Slightly disparaged, but opting to warmly see my lunch-room admonishments as “faculty initiation” and thus acceptance, I would trod back into Wendy’s classroom each day determined to try something new. She would invite me to introduce Marvell’s and and Donne’s carpe diem poetry as a tool of antiquated seduction and I would in turn invite students to compare those methods of young poets from centuries past to similar efforts by young artists of the ’90’s. Venn diagrams with Marlowe’s The Passionate Shepherd to His Love on one side, 2Pac’s What You Wont Do For Love on the other. It kind of worked. We started a drama program. By general solicitation initially (and then admittedly subtle coercion of kids with border-line academic GPAs required for sports and extra-curricular activities) we gathered over 25 students to join in our after-school drama program and put on a full production of Leonard Wibberley’s 50’s era, cold-war satire The Mouse That Roared in relation to our post-World War II US History units. We did a showing for our whole school, the elementary school, and two evening performances for the community on an old stage in the cafeteria that had gone unused for over a decade. I had no idea what I was doing; the school didn’t seem to notice and the students didn’t seem to mind. A friend of mine who managed a Pier 1 a city away allowed us to borrow about $4,000 in merchandise as stage props for two weeks to create a very believable throne-room for our play. Without permission from her company, nor insurance from my school, we drove the loosely bundled items through the open air of the orchards in the back of our trucks to the waiting hands of students eager to create Grand Fenwick’s palace amongst the folding tables and lunch trays of our aged school cafeteria late into the night. Years later, I would confess my early ignorance to the Principal regarding the drama program and teaching in general that first year. His reply, “I knew what you were doing. You were caring, and that’s all I’ve ever asked of any of my staff.”

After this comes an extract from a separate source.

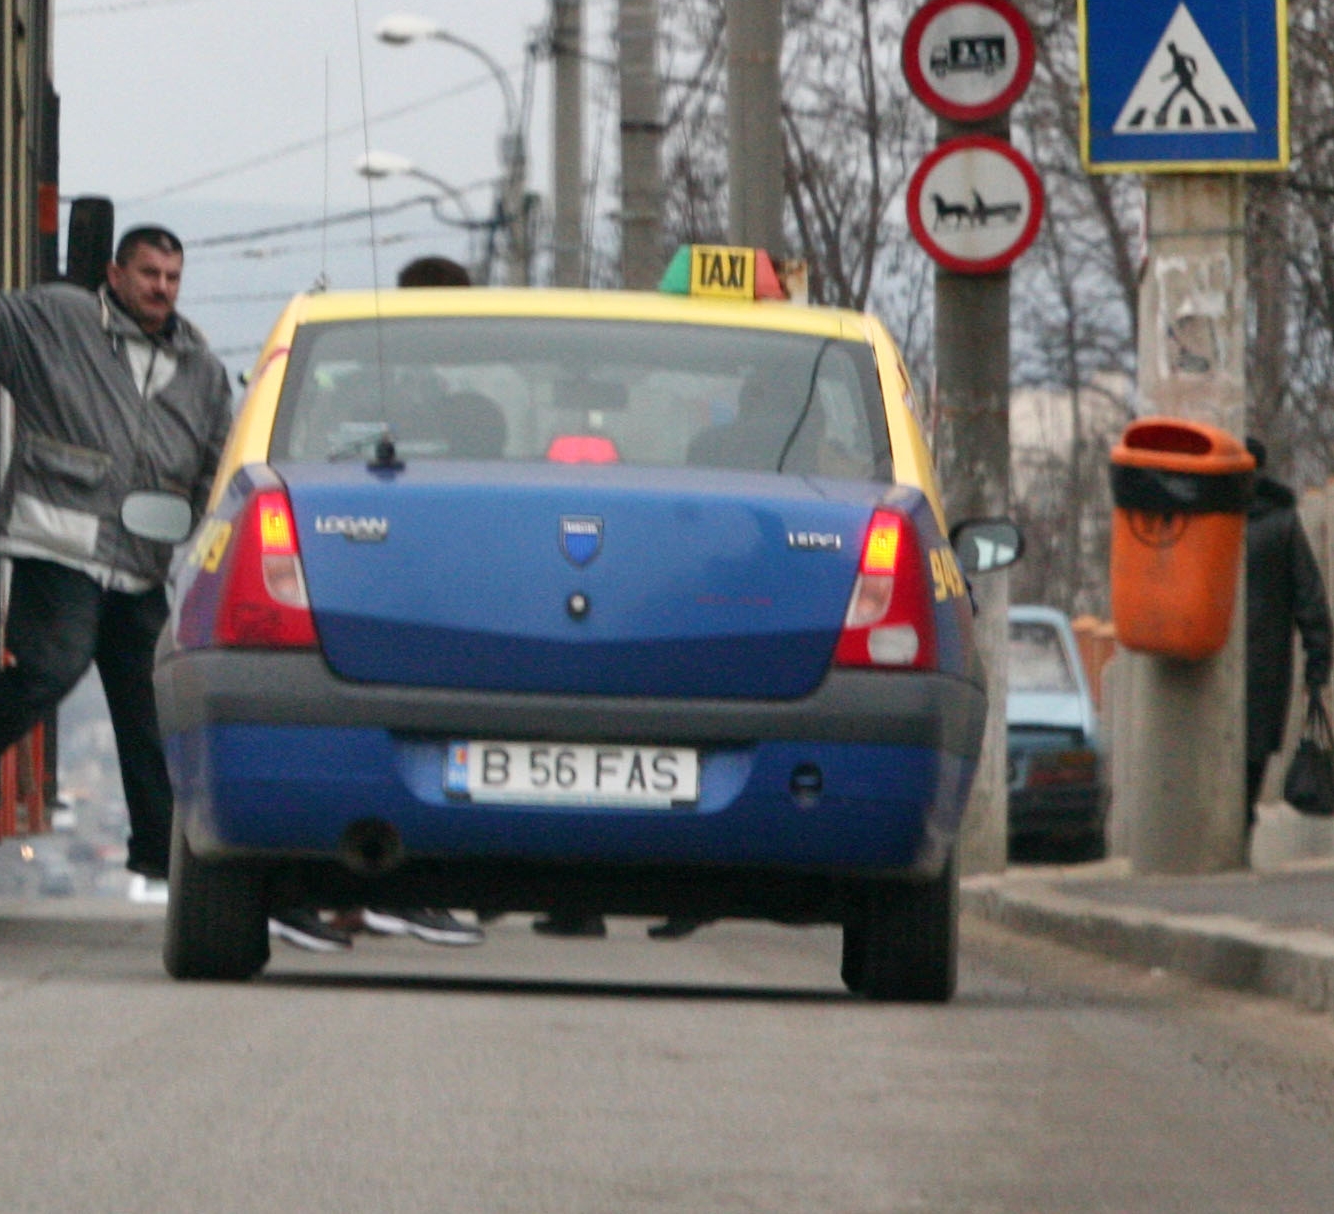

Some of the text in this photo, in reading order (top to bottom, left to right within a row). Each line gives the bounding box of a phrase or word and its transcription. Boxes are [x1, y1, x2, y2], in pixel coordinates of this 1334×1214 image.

[698, 252, 747, 288] TAXI
[315, 515, 388, 536] LOGAN
[482, 748, 679, 792] B 56 FAS

I could go on. Suffice it to say, I survived that year. And more importantly, so did the kids. I owe them a debt of gratitude as I do to all of the students I was able to eventually meet in my career.  I hold a special place for all my former colleagues as well. But today I am thinking about my original Mentor Teacher and that particular small-town Principal, and the humble community that gave an unknown, unqualified new teacher unfettered access to their most prized possessions by way of their children. There is a richness beyond dollars you find in some communities, and if you’re lucky, you will come across such a place and they will share it with you. I hold those early experiences and my time in education foremost in my work to this day. I try to carefully consider the spirit of my former students, the hopes of their families, and the passion of my former colleagues as key arbiters of my work each day. As we internally discus social learning models, resource metadata schemas, and how to graft formative results into adaptive summative systems I often take pause and consider where are the teachers, students, and families represented in these constructs and in that moment, they still aid me.

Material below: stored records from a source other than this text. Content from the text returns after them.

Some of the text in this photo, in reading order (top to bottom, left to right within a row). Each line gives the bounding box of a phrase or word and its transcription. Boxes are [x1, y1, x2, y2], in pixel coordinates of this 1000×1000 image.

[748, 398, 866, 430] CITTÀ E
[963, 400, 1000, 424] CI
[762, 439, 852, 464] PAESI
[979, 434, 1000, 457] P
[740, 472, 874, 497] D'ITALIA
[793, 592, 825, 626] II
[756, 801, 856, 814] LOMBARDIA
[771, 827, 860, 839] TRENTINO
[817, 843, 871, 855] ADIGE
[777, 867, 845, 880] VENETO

So as I wrap up this post, let me end with this thought on national efforts to reform education, statewide attempts to reinvent professional development, and unilateral approaches to re-focus communities on the learning of their youth. The degree to which we collectively come to understand how to best improve our schools, will largely correlate to the degree we recognize that people like my former Mentor Teacher and Principal should not be in the audience, but indeed should be on the stage…if there need be a stage at all.[/fusion_builder_column][/fusion_builder_row][/fusion_builder_container]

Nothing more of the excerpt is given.